Some diners might have memories of the lavish, multi-course extravaganzas served at Square Root, the tasting menu-only restaurant that for several years occupied the corner building at 1800 Magazine St. Gris Gris, a very different type of restaurant, opened in the space in early summer, and now there isn’t a foam, a gel or liquid nitrogen-subjected ingredient in sight.
Instead, chef and owner Eric Cook has delved into the culinary archive of Louisiana and New Orleans, imparting creative twists and turns that local diners know very well. Many diners already may know Cook, as the chef’s resume includes Brennan’s, Commander’s Palace and most recently, Tommy’s Cuisine. Those unfamiliar with Cook can get to know him quickly by pulling up a chair at the downstairs “Chef’s Table,” a large bar anchoring the two-story space where Cook and his team hold court.
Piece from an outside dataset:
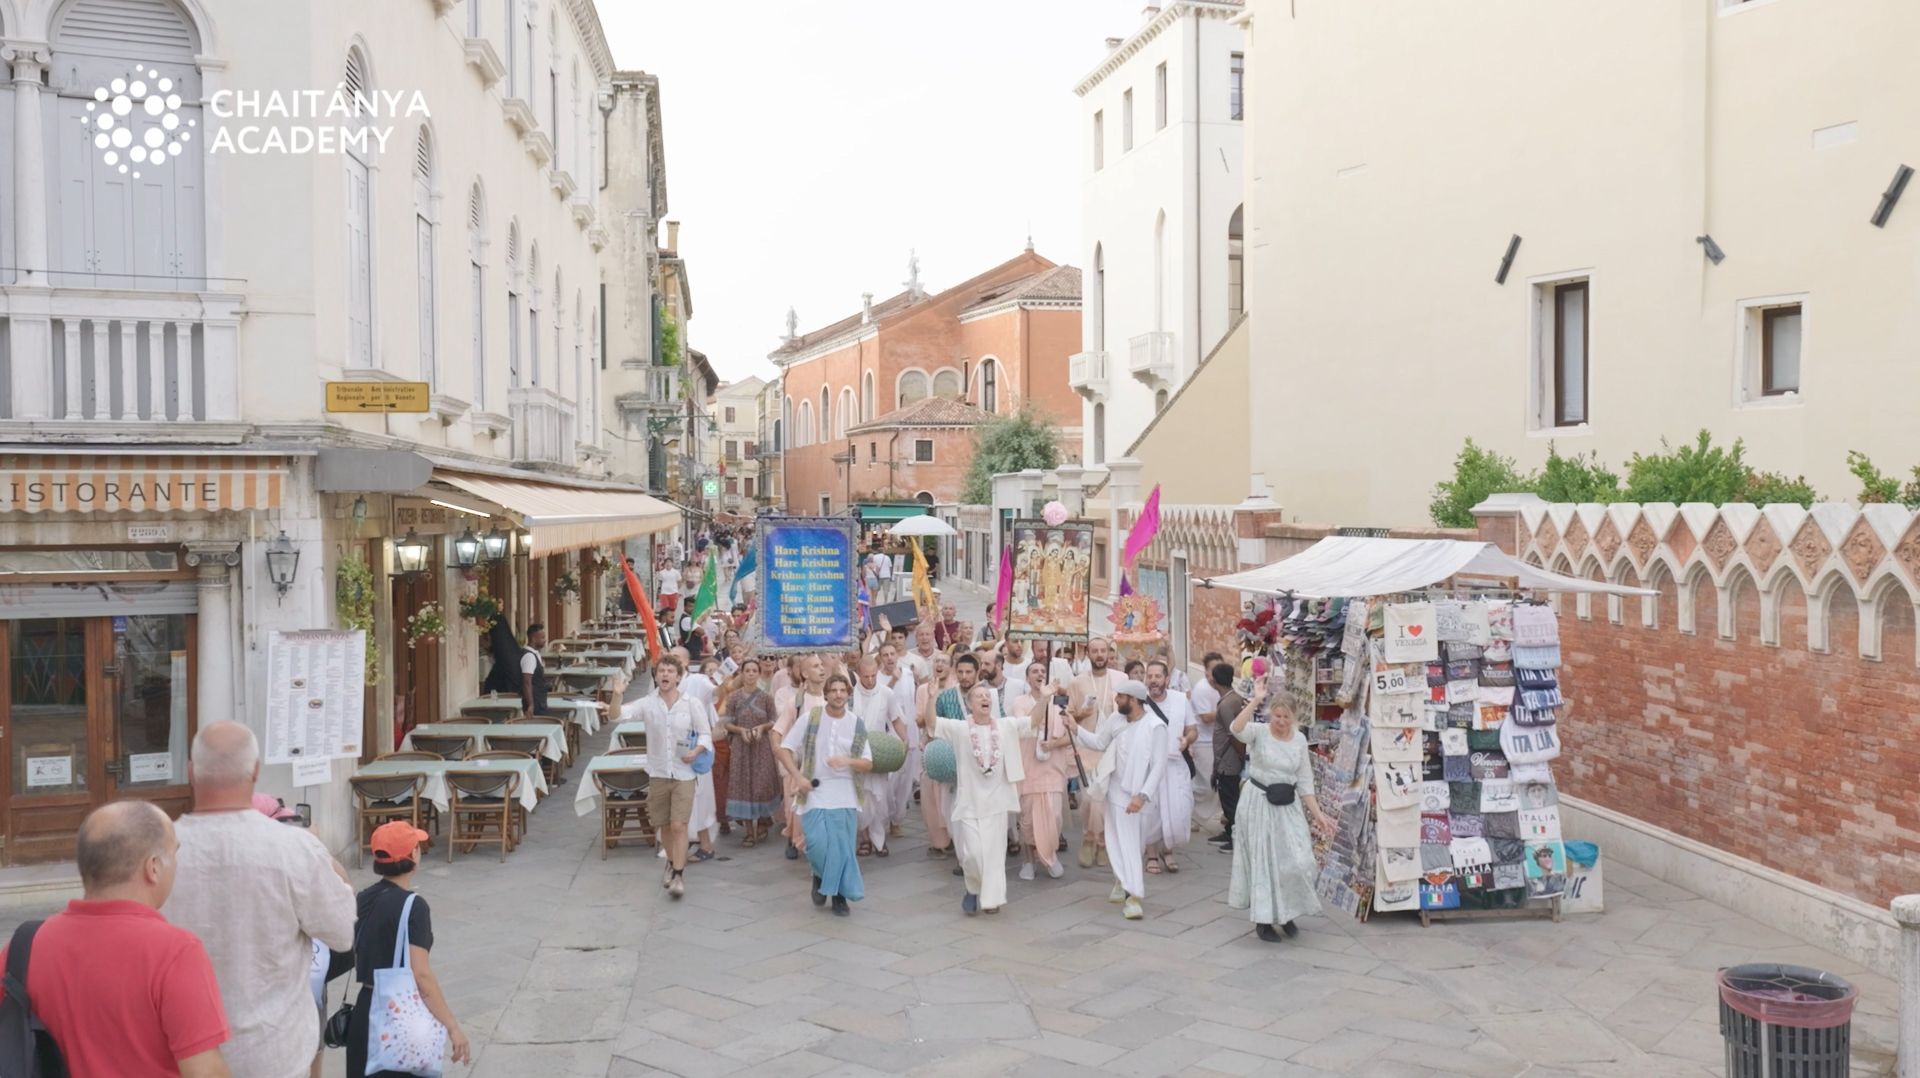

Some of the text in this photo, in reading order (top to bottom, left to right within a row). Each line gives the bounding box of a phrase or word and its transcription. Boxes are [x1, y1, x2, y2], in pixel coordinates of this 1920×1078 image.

Fried oysters are the focus in a playful take on the BLT with planks of smoked pork belly and a juicy tomato jelly that carries a peppery kick. A daily gumbo plays it closer to home cooking and arrives the color of milk chocolate, bobbing with tender chicken and smoked sausage, and carrying a mild heat that builds slowly and lingers with each bite.
Pork belly slow-braised in Barq's root beer and served with a jalapeno demi-glace arrives with scored caramel-colored skin that gives way to deeply smoky and fatty layers of pork. The dish is plated atop a crimson wedge of compressed watermelon that lends an acidic counter to the heavier elements on the plate.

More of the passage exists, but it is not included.